Aim of the exercise: Output the full listing below exactly; the images stay out.
Data under study Start Marker
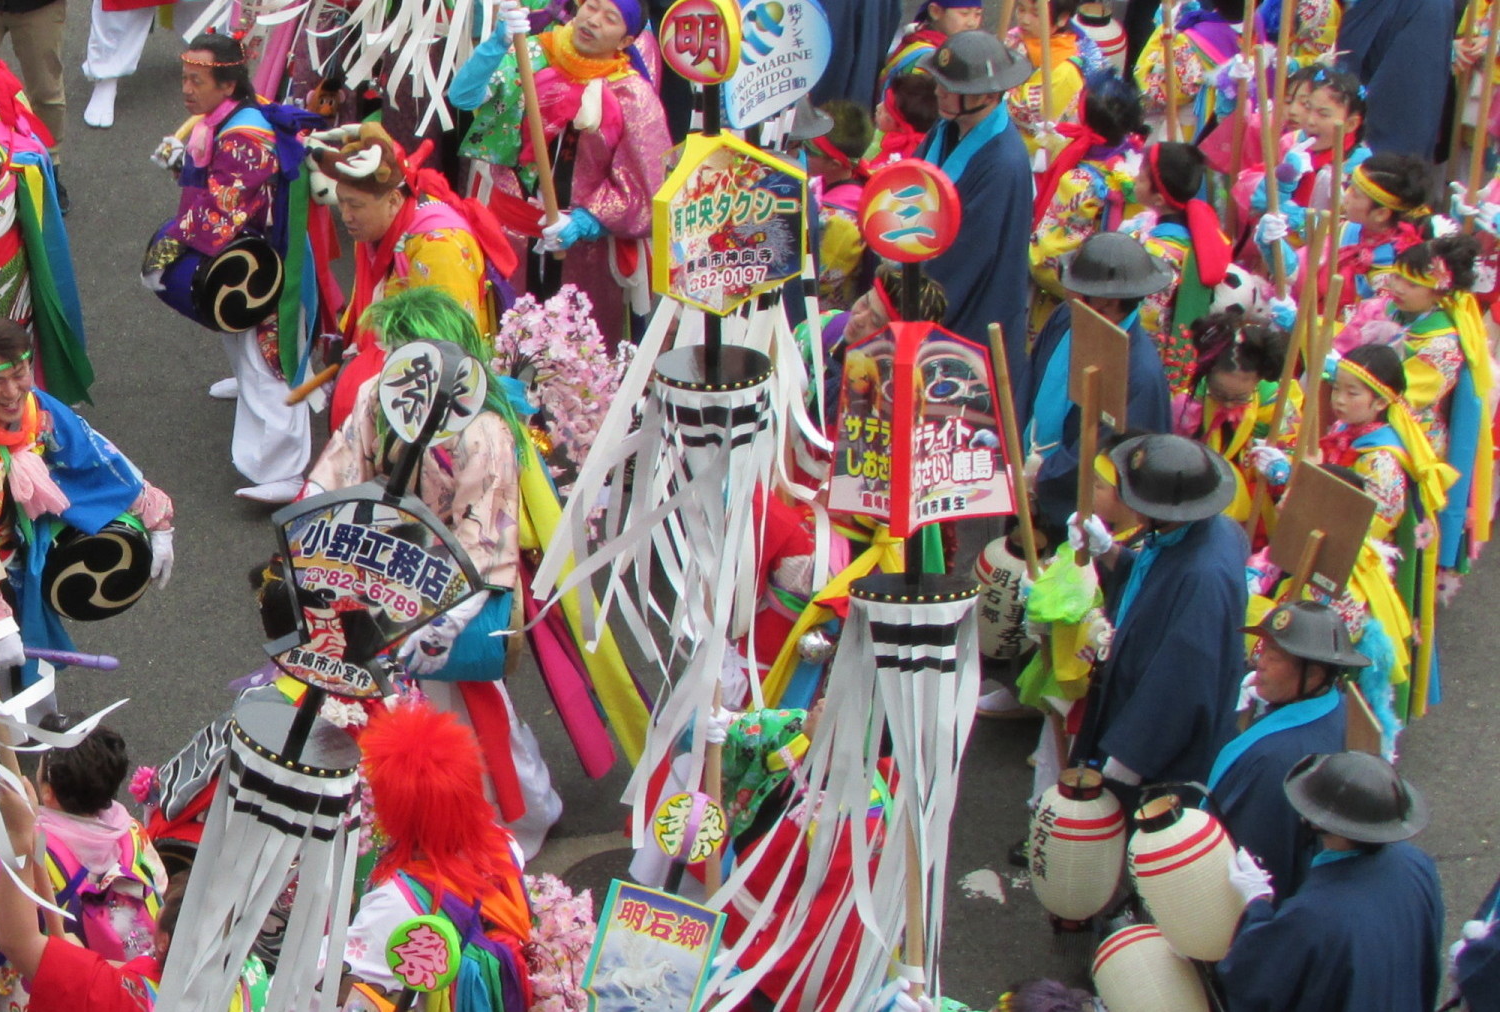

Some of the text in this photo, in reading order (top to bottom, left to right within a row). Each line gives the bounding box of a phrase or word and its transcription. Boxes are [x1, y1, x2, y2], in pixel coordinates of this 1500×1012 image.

[673, 13, 724, 75] 明
[756, 49, 813, 80] MARINE
[738, 77, 807, 121] 東京海上日動
[739, 67, 793, 102] NICHIDO
[879, 184, 936, 243] 三
[700, 267, 767, 290] 82-0197
[301, 519, 452, 604] 小野工務店
[326, 569, 419, 618] 82-6789
[285, 649, 371, 690] 鹿嶋市小宮作
[617, 899, 709, 950] 明石郷
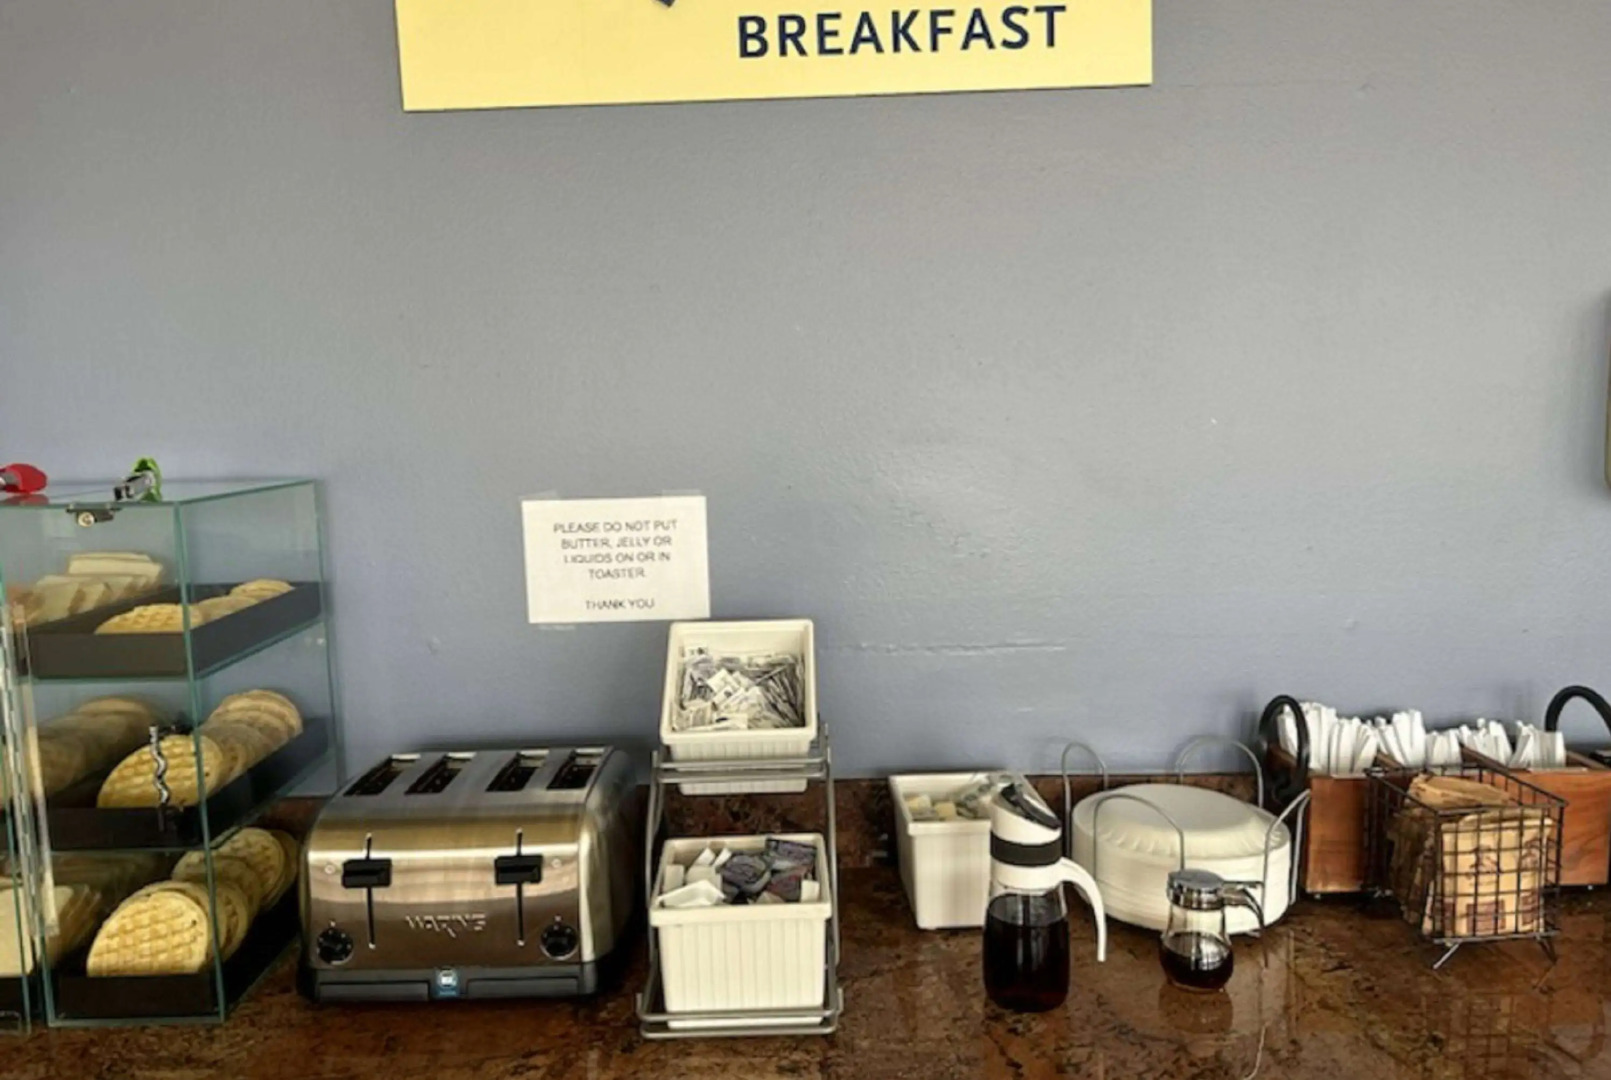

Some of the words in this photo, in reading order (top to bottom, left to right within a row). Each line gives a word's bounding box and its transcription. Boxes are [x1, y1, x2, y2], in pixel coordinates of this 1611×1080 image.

[738, 5, 1067, 58] BREAKFAST
[553, 522, 600, 534] PLEASE
[603, 521, 622, 532] DO
[625, 520, 650, 532] NOT
[653, 519, 678, 531] PUT
[616, 536, 650, 548] JELLY
[653, 535, 672, 547] OR
[564, 552, 612, 564] LIQUIDS
[615, 552, 634, 563] ON
[636, 551, 655, 562] OR
[658, 551, 671, 561] IN
[586, 599, 626, 610] THANK
[628, 598, 656, 609] YOU
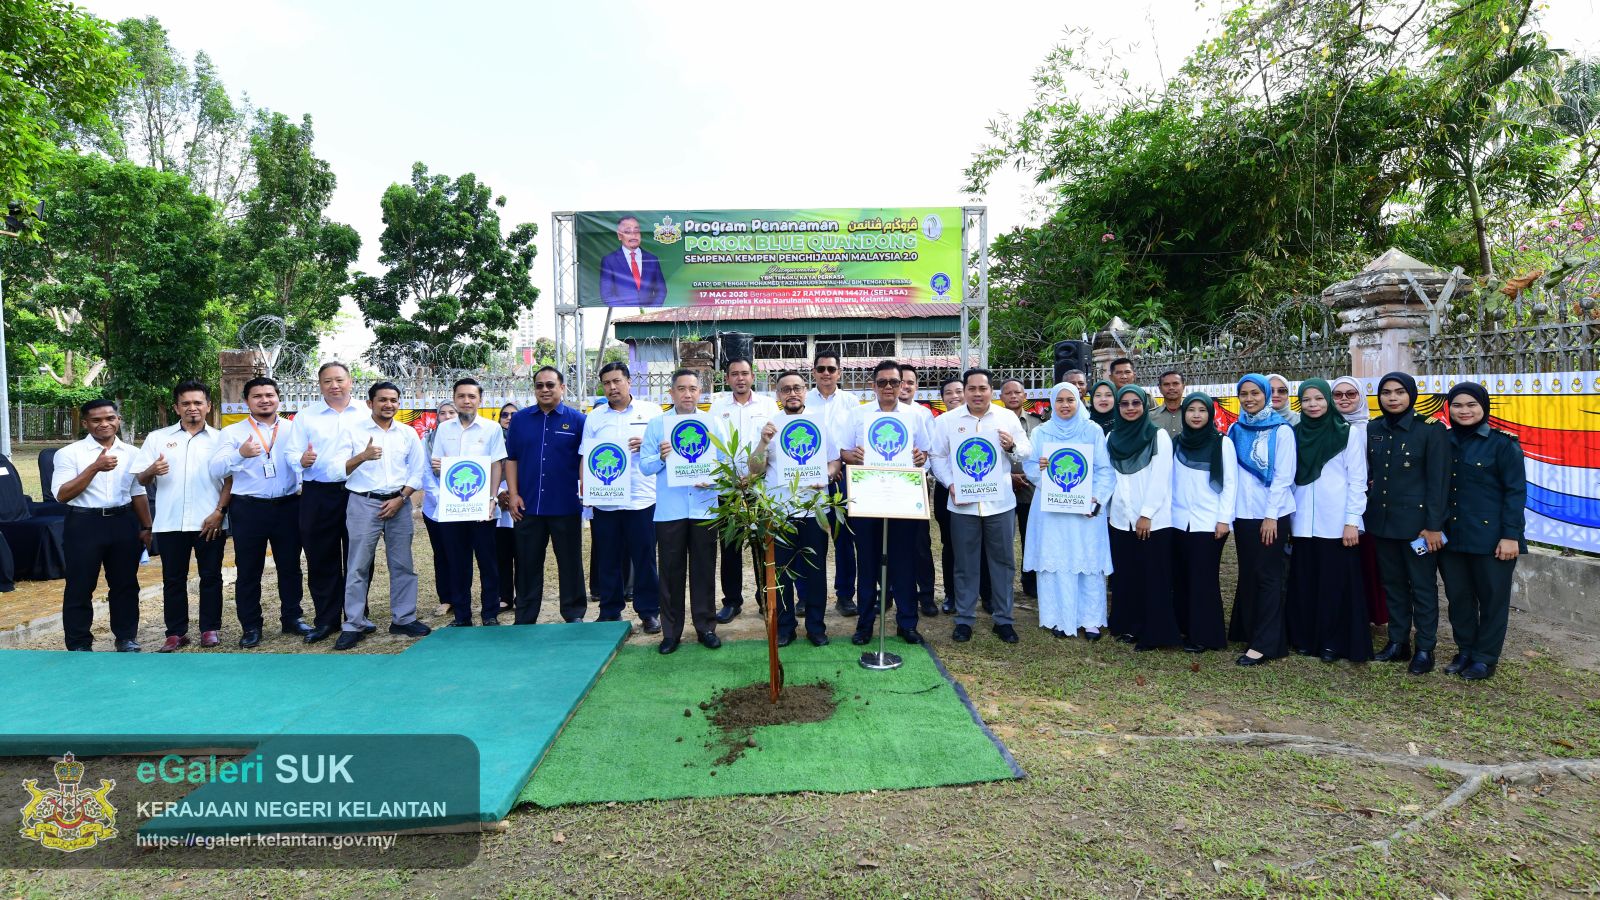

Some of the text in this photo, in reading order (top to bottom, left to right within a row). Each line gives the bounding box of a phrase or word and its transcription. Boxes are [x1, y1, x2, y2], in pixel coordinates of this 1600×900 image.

[684, 218, 839, 236] Program Penanaman
[684, 234, 918, 253] POKOK BLUE QUANDONG
[684, 252, 918, 264] SEMPENA KEMPEN PENGHIJAUAN MALAYSIA 2.0
[870, 289, 908, 297] (SELASA)
[860, 295, 894, 303] Kelantan
[961, 487, 998, 495] MALAYSIA
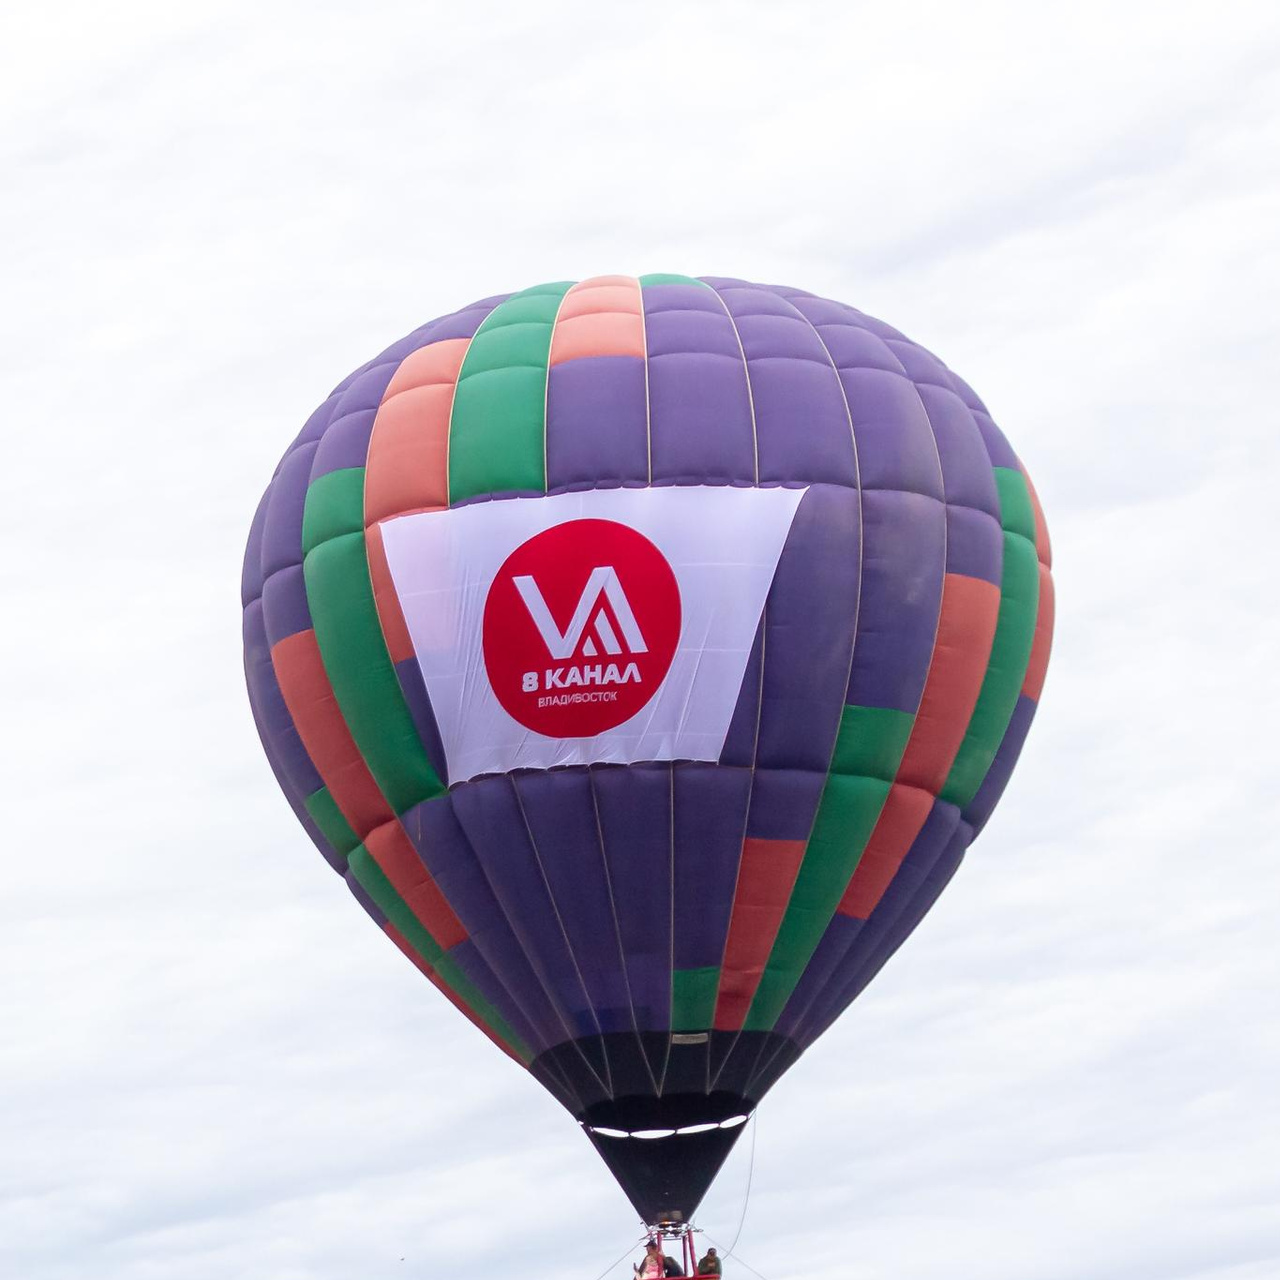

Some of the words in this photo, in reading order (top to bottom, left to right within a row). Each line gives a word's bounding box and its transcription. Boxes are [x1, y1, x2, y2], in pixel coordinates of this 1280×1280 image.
Data under study End Marker
Answer below:
Some of the text in this photo, in reading order (top to bottom, left to right within a row). Each line gives the bounding box of a phrase or word and its transcription. Boxes are [x1, y1, x2, y2], in pixel coordinates of this 1500×1012 image.

[673, 13, 724, 75] 明
[756, 49, 813, 80] MARINE
[738, 77, 807, 121] 東京海上日動
[739, 67, 793, 102] NICHIDO
[879, 184, 936, 243] 三
[700, 267, 767, 290] 82-0197
[301, 519, 452, 604] 小野工務店
[326, 569, 419, 618] 82-6789
[285, 649, 371, 690] 鹿嶋市小宮作
[617, 899, 709, 950] 明石郷

Some of the words in this photo, in reading order (top to bottom, left to right within a row). Each line gives a word's bounding box and its transcription. Boxes are [x1, y1, x2, y2], in pixel coordinates of this 1611×1080 image.

[738, 5, 1067, 58] BREAKFAST
[553, 522, 600, 534] PLEASE
[603, 521, 622, 532] DO
[625, 520, 650, 532] NOT
[653, 519, 678, 531] PUT
[616, 536, 650, 548] JELLY
[653, 535, 672, 547] OR
[564, 552, 612, 564] LIQUIDS
[615, 552, 634, 563] ON
[636, 551, 655, 562] OR
[658, 551, 671, 561] IN
[586, 599, 626, 610] THANK
[628, 598, 656, 609] YOU

Some of the text in this photo, in reading order (top to bottom, left to right within a row). Each line gives the bounding box of a phrase or word and its transcription. Boxes are [x1, y1, x2, y2], in pixel coordinates of this 1600×900 image.

[684, 218, 839, 236] Program Penanaman
[684, 234, 918, 253] POKOK BLUE QUANDONG
[684, 252, 918, 264] SEMPENA KEMPEN PENGHIJAUAN MALAYSIA 2.0
[870, 289, 908, 297] (SELASA)
[860, 295, 894, 303] Kelantan
[961, 487, 998, 495] MALAYSIA

Some of the words in this photo, in reading order (top to bottom, left to right within a row). Each line gives a word's bounding box and its transcription. Boxes are [x1, y1, x2, y2], in pixel coordinates of this 1280×1280 image.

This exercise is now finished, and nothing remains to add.